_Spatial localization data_
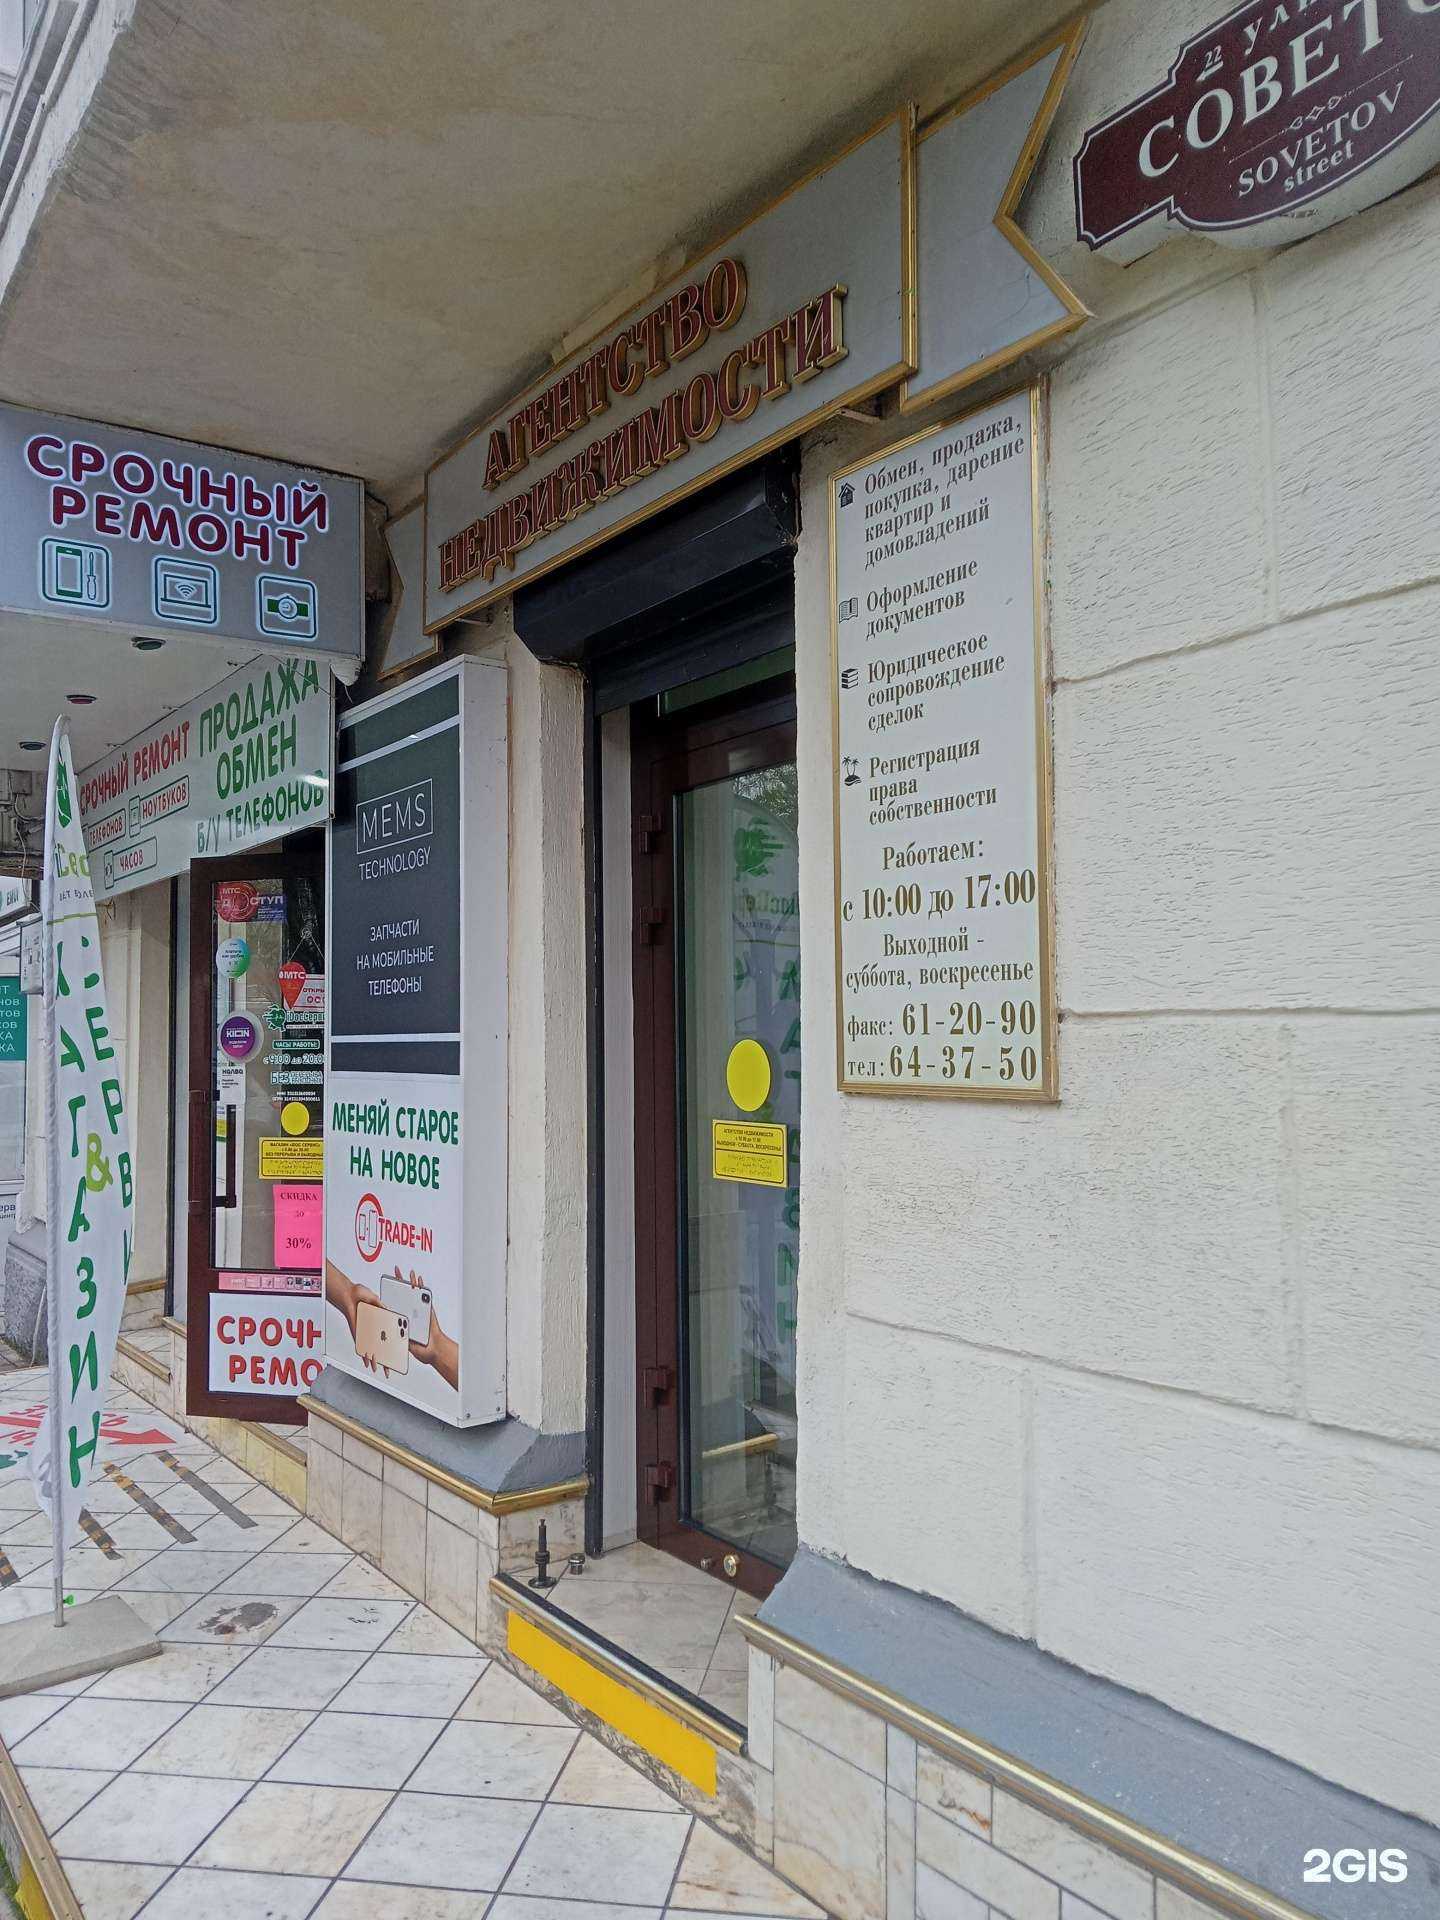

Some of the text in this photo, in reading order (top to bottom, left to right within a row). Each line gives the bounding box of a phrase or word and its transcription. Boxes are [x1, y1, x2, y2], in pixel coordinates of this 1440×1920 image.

[1243, 0, 1317, 56] ул
[1203, 45, 1223, 69] 22
[1139, 0, 1440, 178] СОВЕТ
[1238, 81, 1404, 198] SOVETOV
[1284, 141, 1354, 193] street
[482, 258, 747, 490] АГЕНТСТВО
[438, 281, 848, 592] НЕДВИЖИМОСТИ
[865, 415, 1022, 494] Обмен, продажа,
[27, 436, 327, 530] СРОЧНЫЙ
[865, 437, 1025, 519] покупка, дарение
[53, 486, 305, 566] РЕМОНТ
[865, 494, 951, 543] квартир и
[865, 498, 990, 570] домовладений
[866, 559, 978, 613] Оформление
[866, 589, 965, 641] документов
[868, 633, 988, 683] Юридическое
[868, 655, 1005, 707] сопровождение
[200, 658, 319, 757] ПРОДАЖА
[868, 702, 924, 732] сделок
[80, 721, 189, 816] СРОЧНЫЙ РЕМОНТ
[216, 714, 296, 800] ОБМЕН
[869, 738, 981, 778] Регистрация
[142, 783, 187, 818] НОУТБУКОВ
[197, 769, 324, 853] Б/У ТЕЛЕФОНОВ
[869, 777, 918, 803] права
[869, 786, 997, 825] собственности
[90, 816, 123, 846] ТЕЛЕФОНОВ
[363, 792, 426, 843] MEMS
[120, 849, 143, 872] ЧАСОВ
[359, 846, 431, 881] TECHNOLOGY
[882, 839, 984, 871] Работаем:
[843, 869, 1036, 921] с 10:00 до 17:00
[370, 919, 420, 942] ЗАПЧАСТИ
[883, 926, 969, 958] Выходной
[357, 945, 434, 971] НА МОБИЛЬНЫЕ
[846, 959, 1034, 993] суббота, воскресенье
[368, 976, 422, 996] ТЕЛЕФОНЫ
[848, 1000, 1036, 1041] факс: 61-20-90
[848, 1045, 1037, 1081] тел: 64-37-50
[332, 1099, 459, 1145] МЕНЯЙ СТАРОЕ
[350, 1146, 440, 1190] НА НОВОЕ
[280, 1192, 319, 1200] СКИДКА
[286, 1237, 312, 1249] 30%
[378, 1217, 433, 1253] TRADE-IN
[217, 1316, 322, 1348] СРОЧН
[229, 1355, 323, 1387] РЕМО

_TASK TO CARRY OUT_
Each line of the data above must be reproduced as written. Skip the pictures.

_RESULT_
Some of the text in this photo, in reading order (top to bottom, left to right within a row). Each line gives the bounding box of a phrase or word and its transcription. Boxes are [x1, y1, x2, y2], in pixel coordinates of this 1440×1920 image.

[1243, 0, 1317, 56] ул
[1203, 45, 1223, 69] 22
[1139, 0, 1440, 178] СОВЕТ
[1238, 81, 1404, 198] SOVETOV
[1284, 141, 1354, 193] street
[482, 258, 747, 490] АГЕНТСТВО
[438, 281, 848, 592] НЕДВИЖИМОСТИ
[865, 415, 1022, 494] Обмен, продажа,
[27, 436, 327, 530] СРОЧНЫЙ
[865, 437, 1025, 519] покупка, дарение
[53, 486, 305, 566] РЕМОНТ
[865, 494, 951, 543] квартир и
[865, 498, 990, 570] домовладений
[866, 559, 978, 613] Оформление
[866, 589, 965, 641] документов
[868, 633, 988, 683] Юридическое
[868, 655, 1005, 707] сопровождение
[200, 658, 319, 757] ПРОДАЖА
[868, 702, 924, 732] сделок
[80, 721, 189, 816] СРОЧНЫЙ РЕМОНТ
[216, 714, 296, 800] ОБМЕН
[869, 738, 981, 778] Регистрация
[142, 783, 187, 818] НОУТБУКОВ
[197, 769, 324, 853] Б/У ТЕЛЕФОНОВ
[869, 777, 918, 803] права
[869, 786, 997, 825] собственности
[90, 816, 123, 846] ТЕЛЕФОНОВ
[363, 792, 426, 843] MEMS
[120, 849, 143, 872] ЧАСОВ
[359, 846, 431, 881] TECHNOLOGY
[882, 839, 984, 871] Работаем:
[843, 869, 1036, 921] с 10:00 до 17:00
[370, 919, 420, 942] ЗАПЧАСТИ
[883, 926, 969, 958] Выходной
[357, 945, 434, 971] НА МОБИЛЬНЫЕ
[846, 959, 1034, 993] суббота, воскресенье
[368, 976, 422, 996] ТЕЛЕФОНЫ
[848, 1000, 1036, 1041] факс: 61-20-90
[848, 1045, 1037, 1081] тел: 64-37-50
[332, 1099, 459, 1145] МЕНЯЙ СТАРОЕ
[350, 1146, 440, 1190] НА НОВОЕ
[280, 1192, 319, 1200] СКИДКА
[286, 1237, 312, 1249] 30%
[378, 1217, 433, 1253] TRADE-IN
[217, 1316, 322, 1348] СРОЧН
[229, 1355, 323, 1387] РЕМО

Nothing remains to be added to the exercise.